Action item:
Return the data below unchanged. Drop any pictures.

Top of Data shown

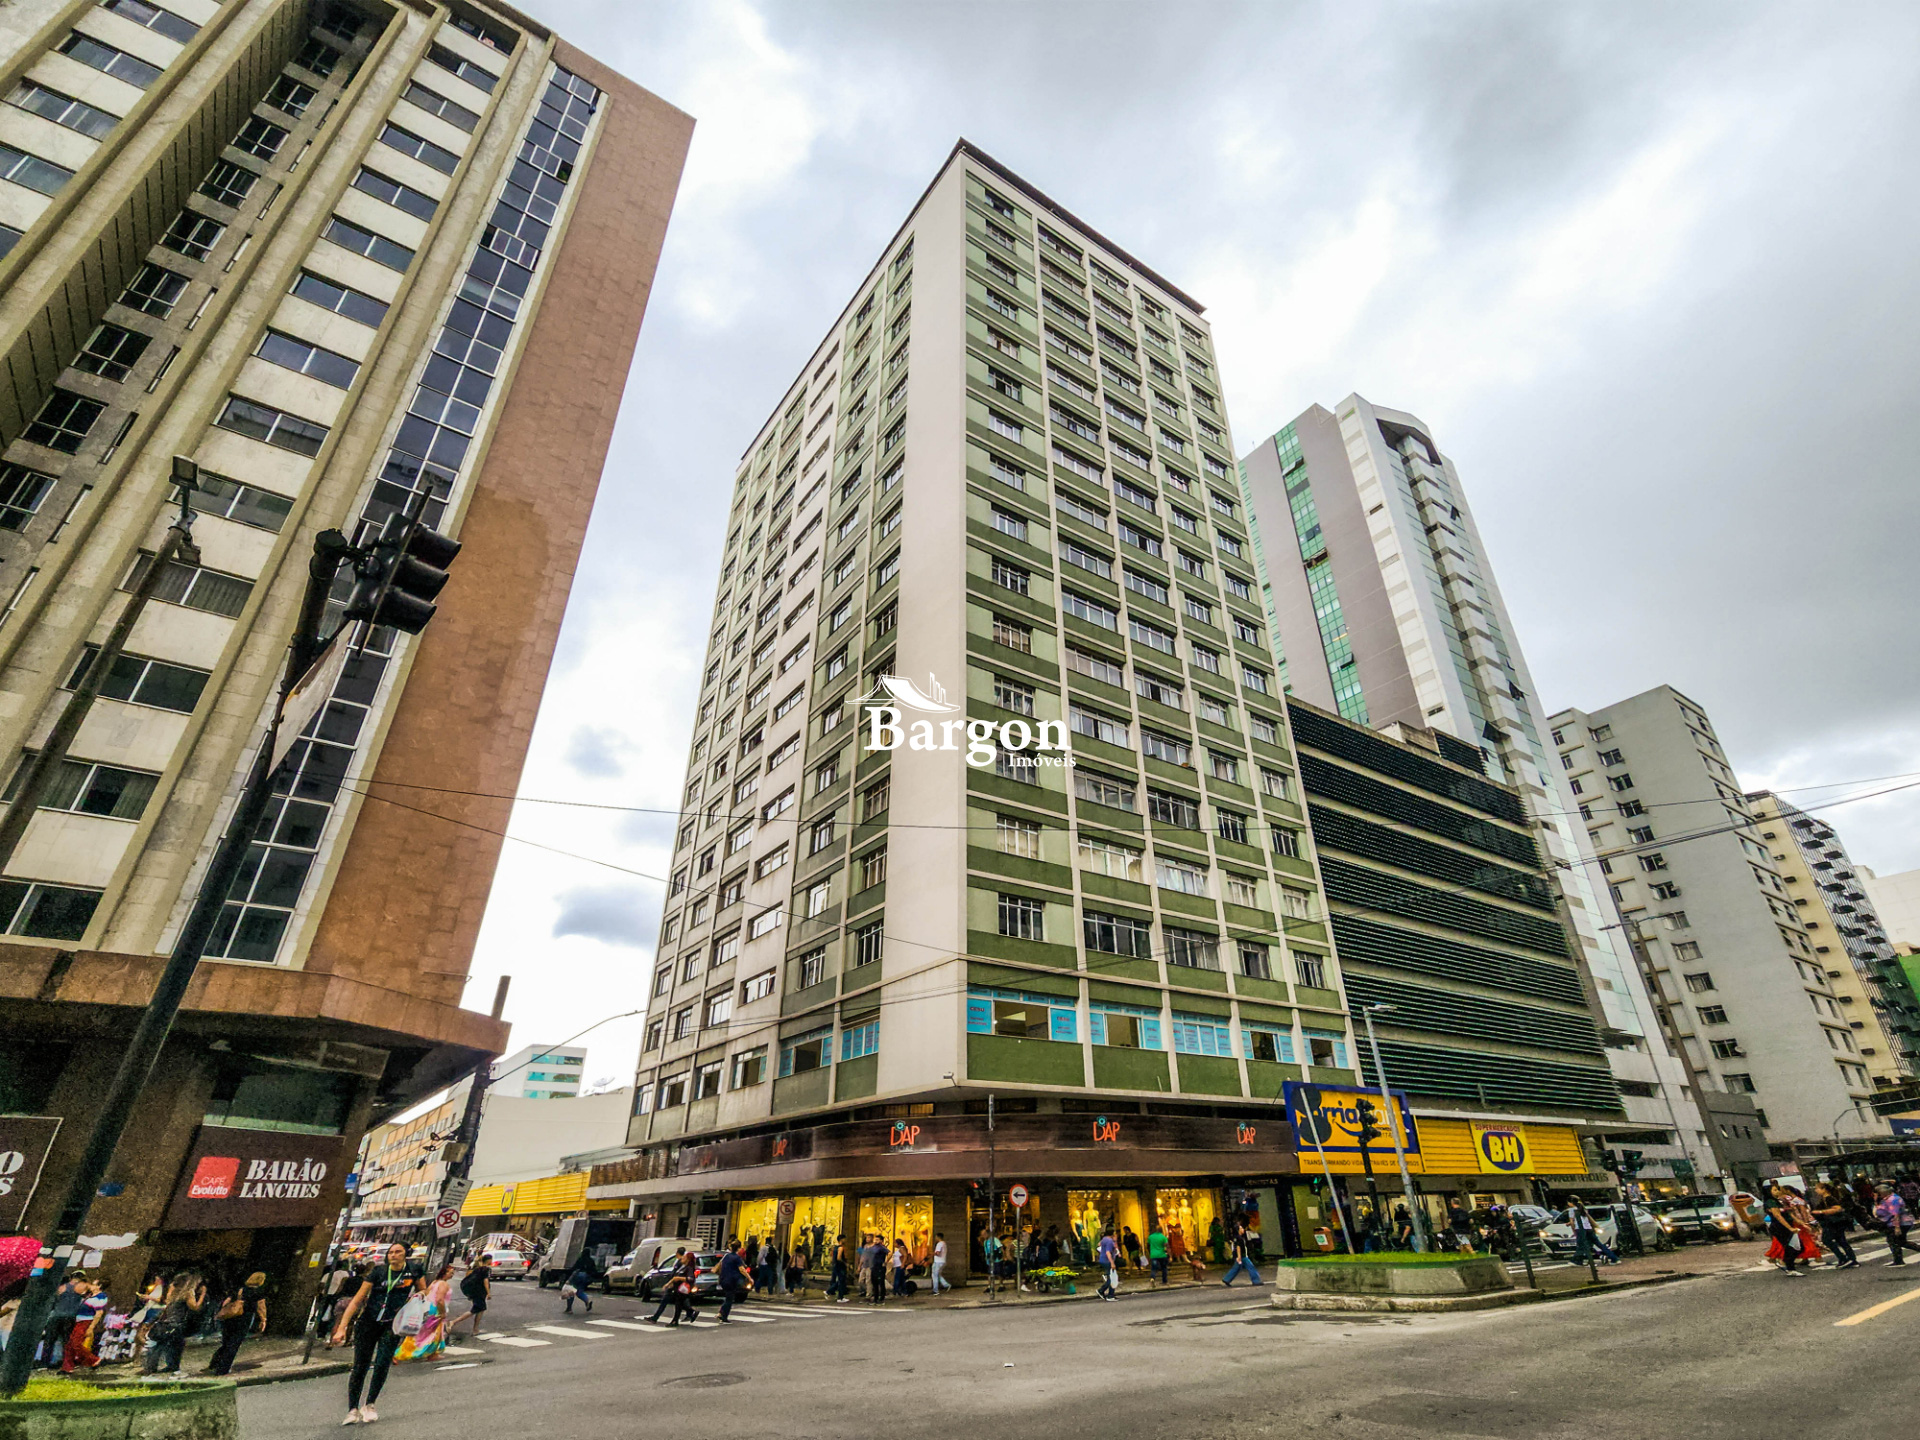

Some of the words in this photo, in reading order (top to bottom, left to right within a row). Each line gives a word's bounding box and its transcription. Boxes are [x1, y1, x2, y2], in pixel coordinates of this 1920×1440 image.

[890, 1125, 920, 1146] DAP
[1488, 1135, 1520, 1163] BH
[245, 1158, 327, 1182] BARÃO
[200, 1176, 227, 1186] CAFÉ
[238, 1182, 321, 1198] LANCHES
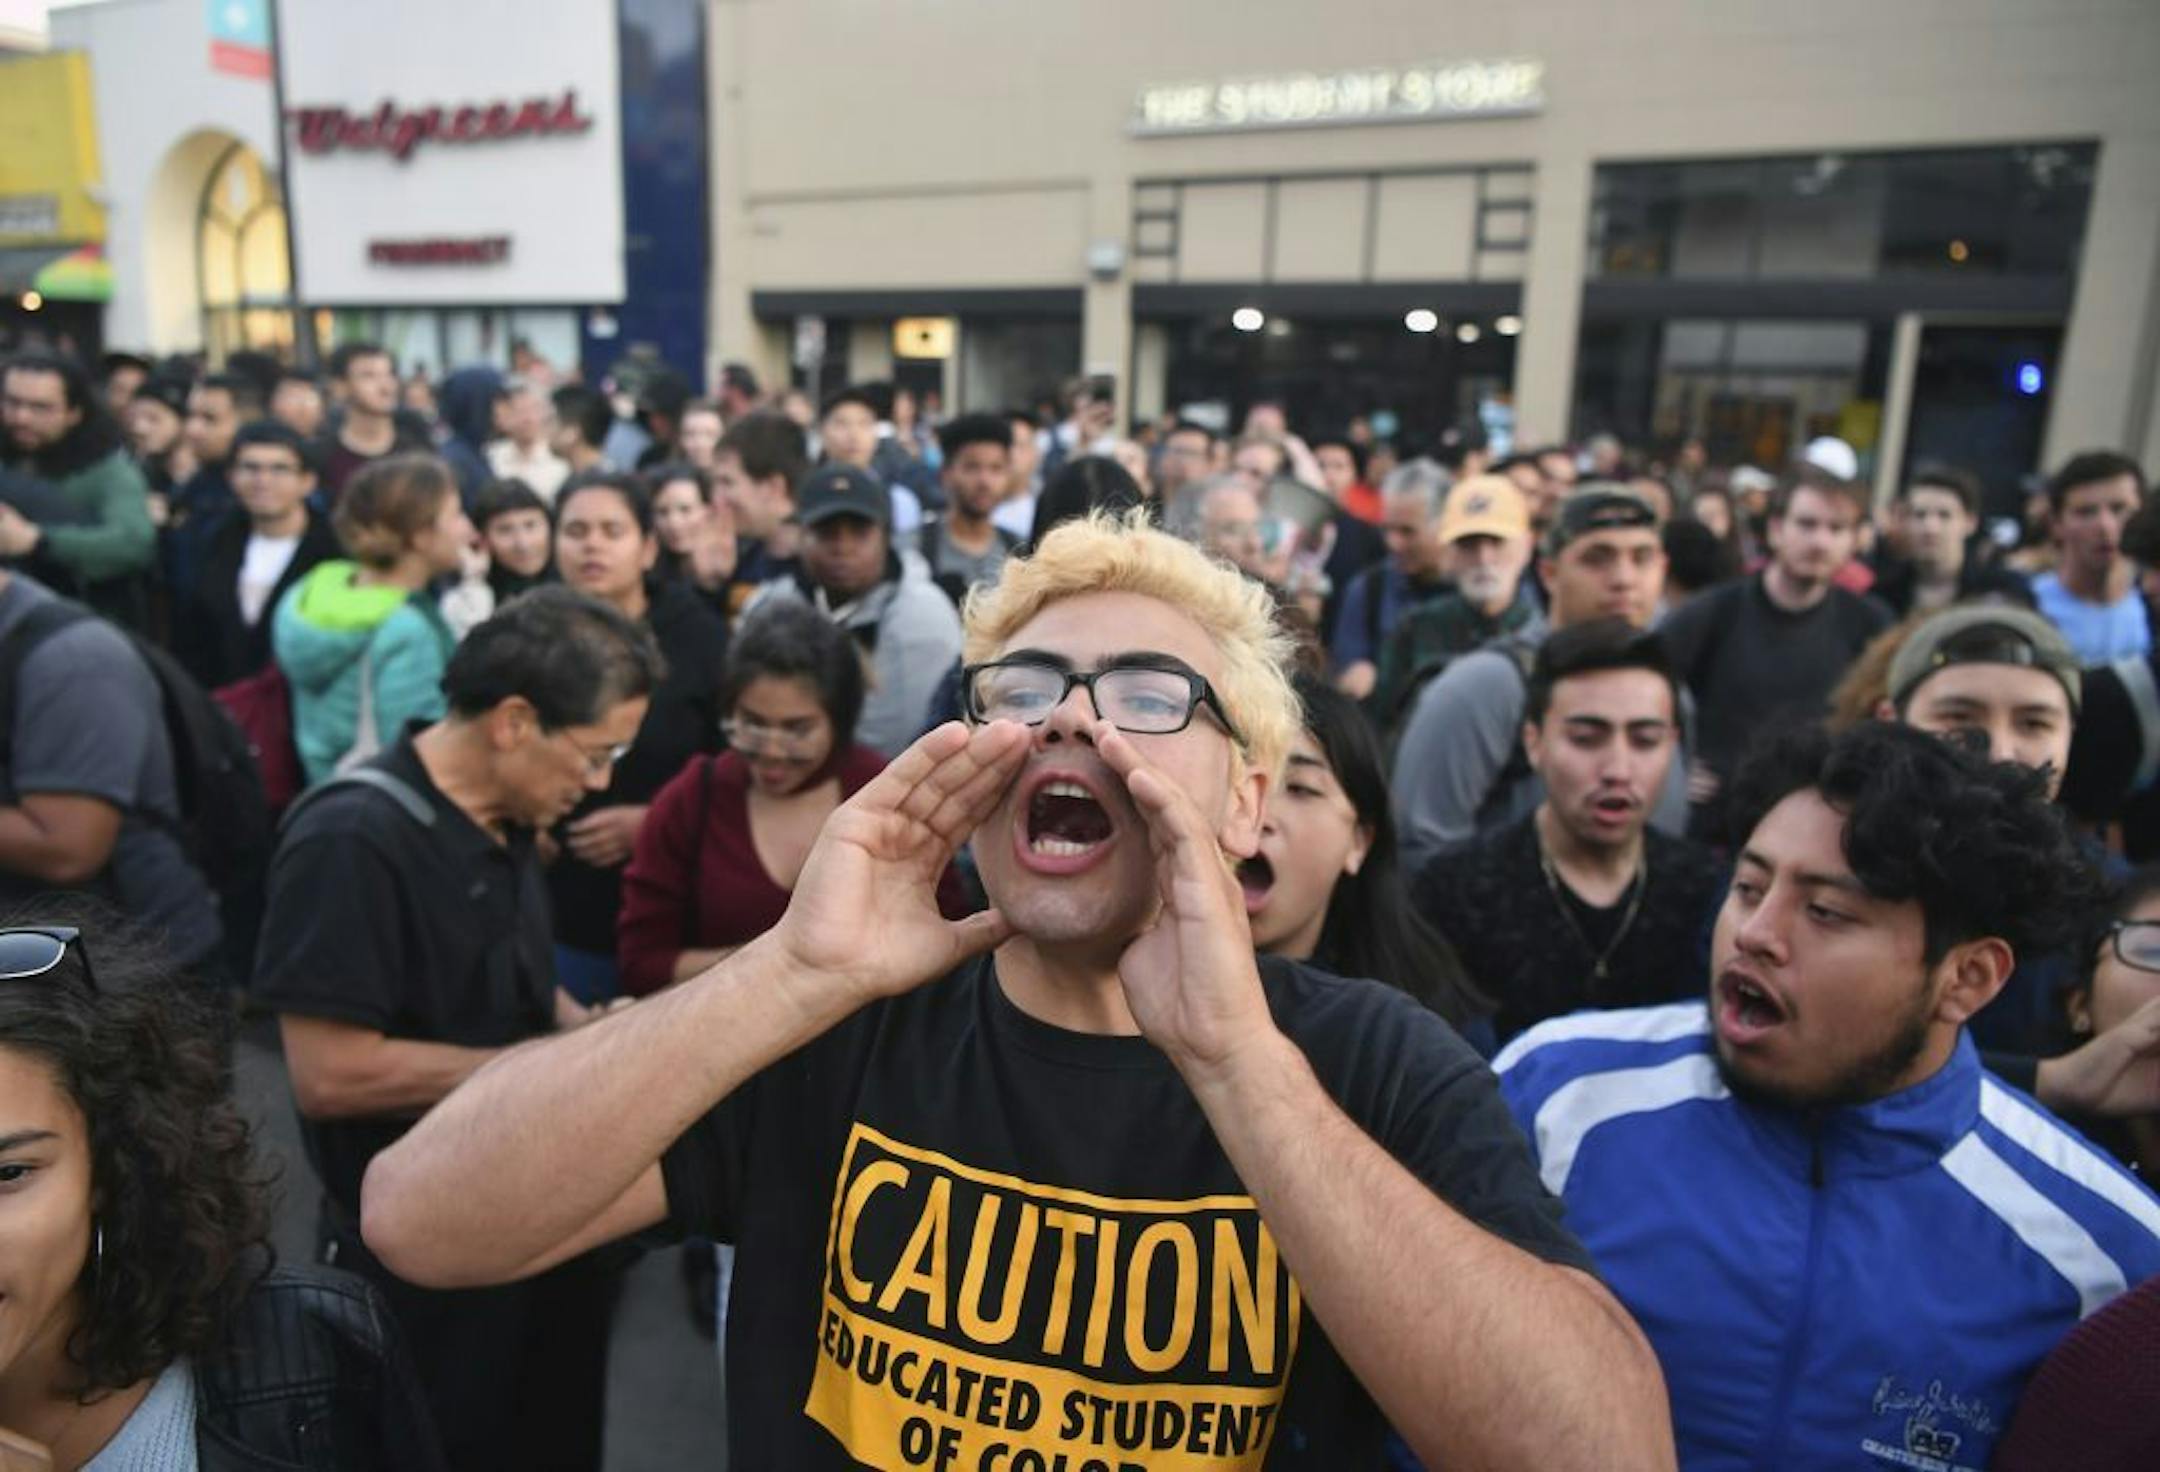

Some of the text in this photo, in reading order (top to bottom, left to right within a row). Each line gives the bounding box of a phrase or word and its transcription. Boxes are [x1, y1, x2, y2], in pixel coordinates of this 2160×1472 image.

Bottom of Data shown

Task response:
Some of the words in this photo, in reading order (top to bottom, left to right within a row). Each line gives a word's bounding box and its transcription. Boxes are [x1, y1, x2, y2], in pixel coordinates of this 1920×1440 image.

[890, 1125, 920, 1146] DAP
[1488, 1135, 1520, 1163] BH
[245, 1158, 327, 1182] BARÃO
[200, 1176, 227, 1186] CAFÉ
[238, 1182, 321, 1198] LANCHES

Some of the text in this photo, in reading order (top to bottom, left to right within a row). Each line gives the bounding box of a phrase or word and its transcription. Boxes are [x1, y1, x2, y2], in pixel coordinates of this 2160×1472 image.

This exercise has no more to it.